GOAL OF THE EXERCISE:
Omit the pictures, but give back every entry below exactly as written.

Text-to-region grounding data
━━━━━━
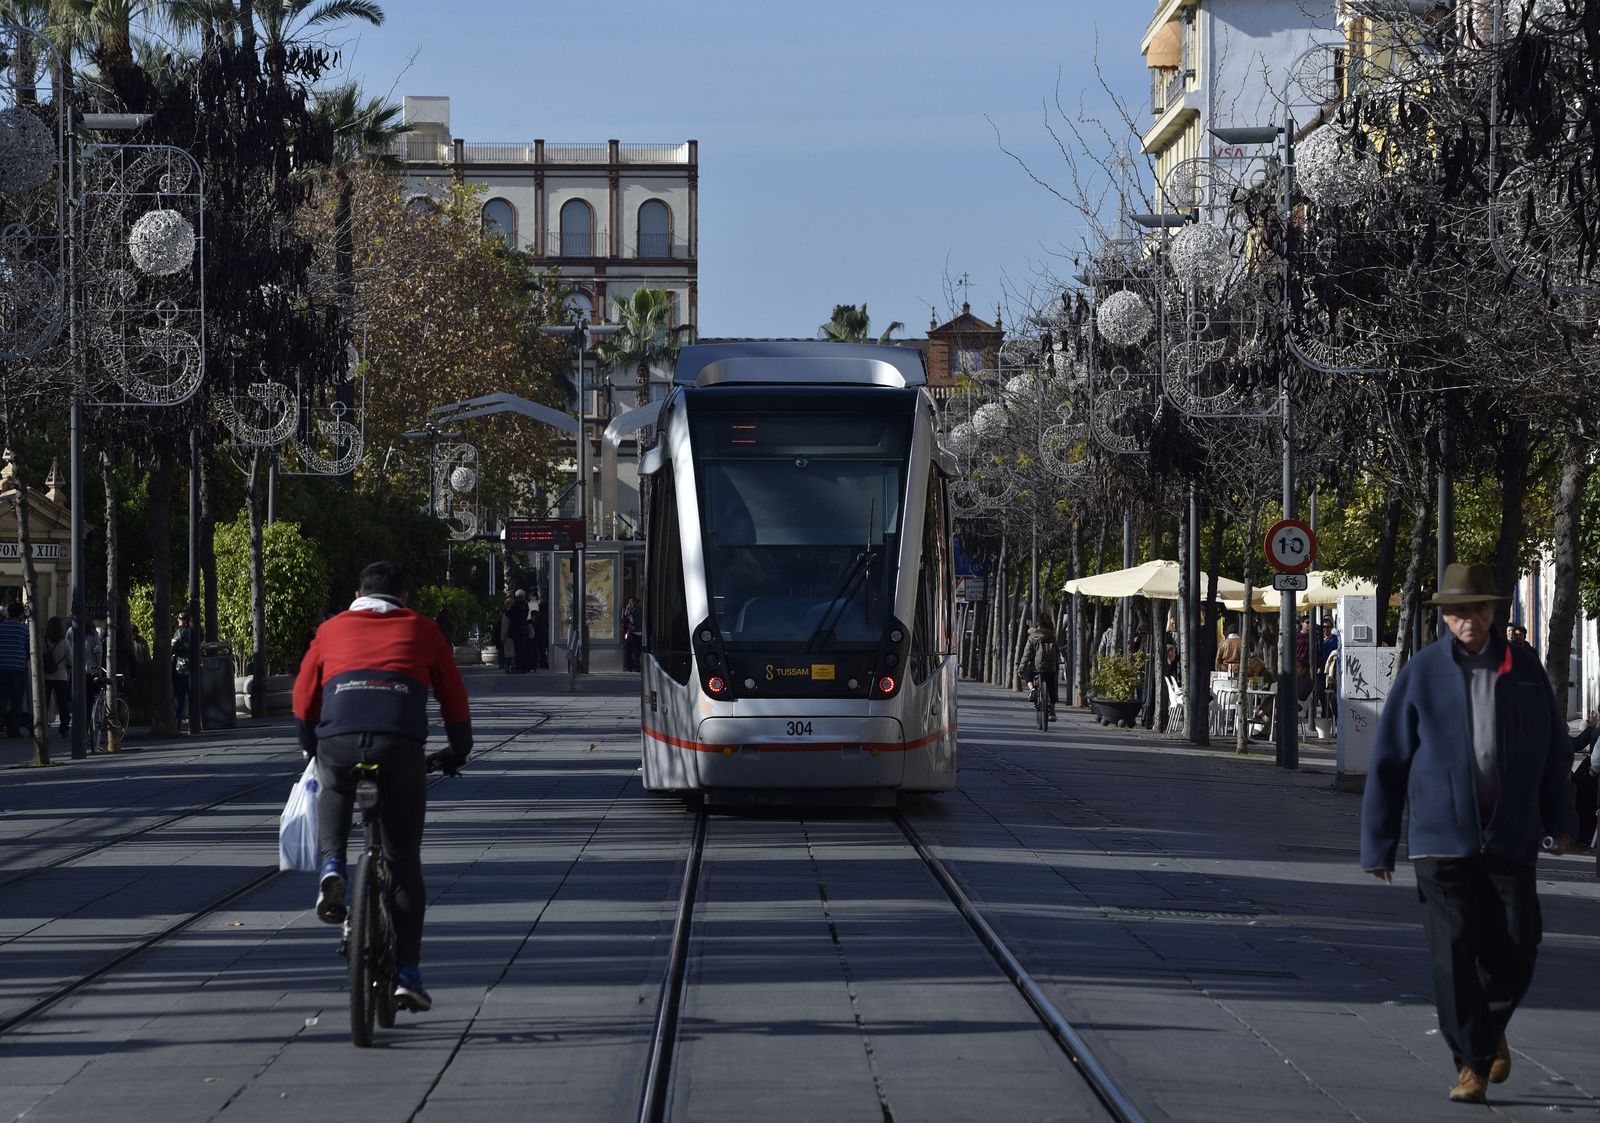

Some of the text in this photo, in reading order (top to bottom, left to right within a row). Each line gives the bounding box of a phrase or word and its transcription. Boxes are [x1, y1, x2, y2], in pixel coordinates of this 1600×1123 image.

[37, 545, 58, 557] XIII
[1279, 537, 1304, 554] 10
[776, 668, 809, 676] TUSSAM
[786, 721, 813, 736] 304
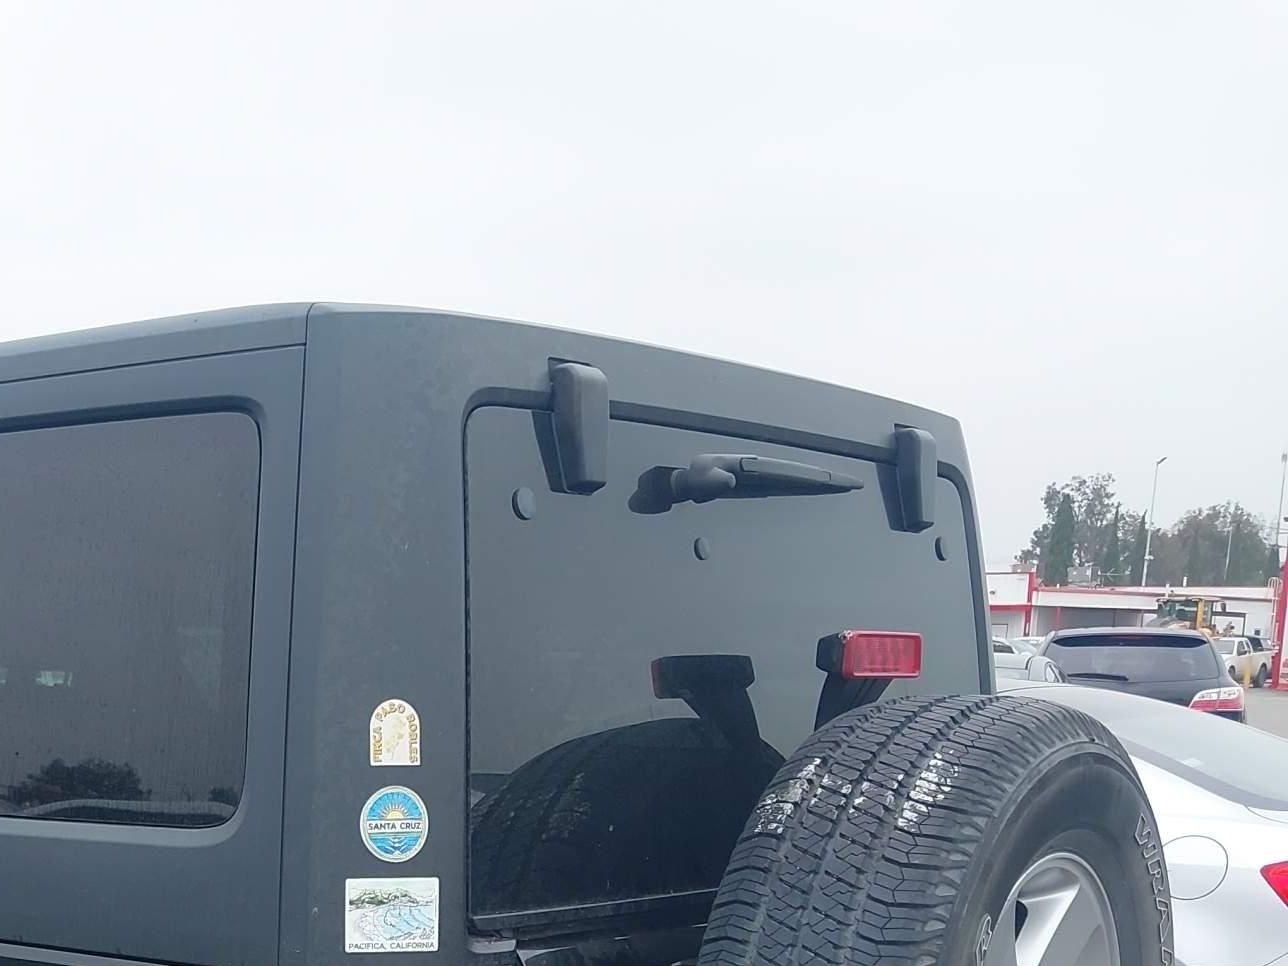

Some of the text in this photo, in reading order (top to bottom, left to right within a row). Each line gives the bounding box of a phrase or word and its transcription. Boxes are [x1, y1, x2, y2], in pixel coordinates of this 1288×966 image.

[368, 822, 422, 830] SANTA CRUZ
[348, 941, 435, 950] PACIFICA, CALIFORNIA
━━━━━━
SOLVED PROBLEM:
Some of the text in this photo, in reading order (top to bottom, left to right within a row). Each line gives the bounding box of a phrase or word and its transcription. Boxes are [x1, y1, x2, y2], in pixel coordinates of this 1600×1123 image.

[37, 545, 58, 557] XIII
[1279, 537, 1304, 554] 10
[776, 668, 809, 676] TUSSAM
[786, 721, 813, 736] 304

Some of the text in this photo, in reading order (top to bottom, left to right within a row). Each line gives the bounding box of a phrase or word and its transcription. Boxes are [x1, y1, x2, y2], in pixel coordinates of this 1288×966 image.

[368, 822, 422, 830] SANTA CRUZ
[348, 941, 435, 950] PACIFICA, CALIFORNIA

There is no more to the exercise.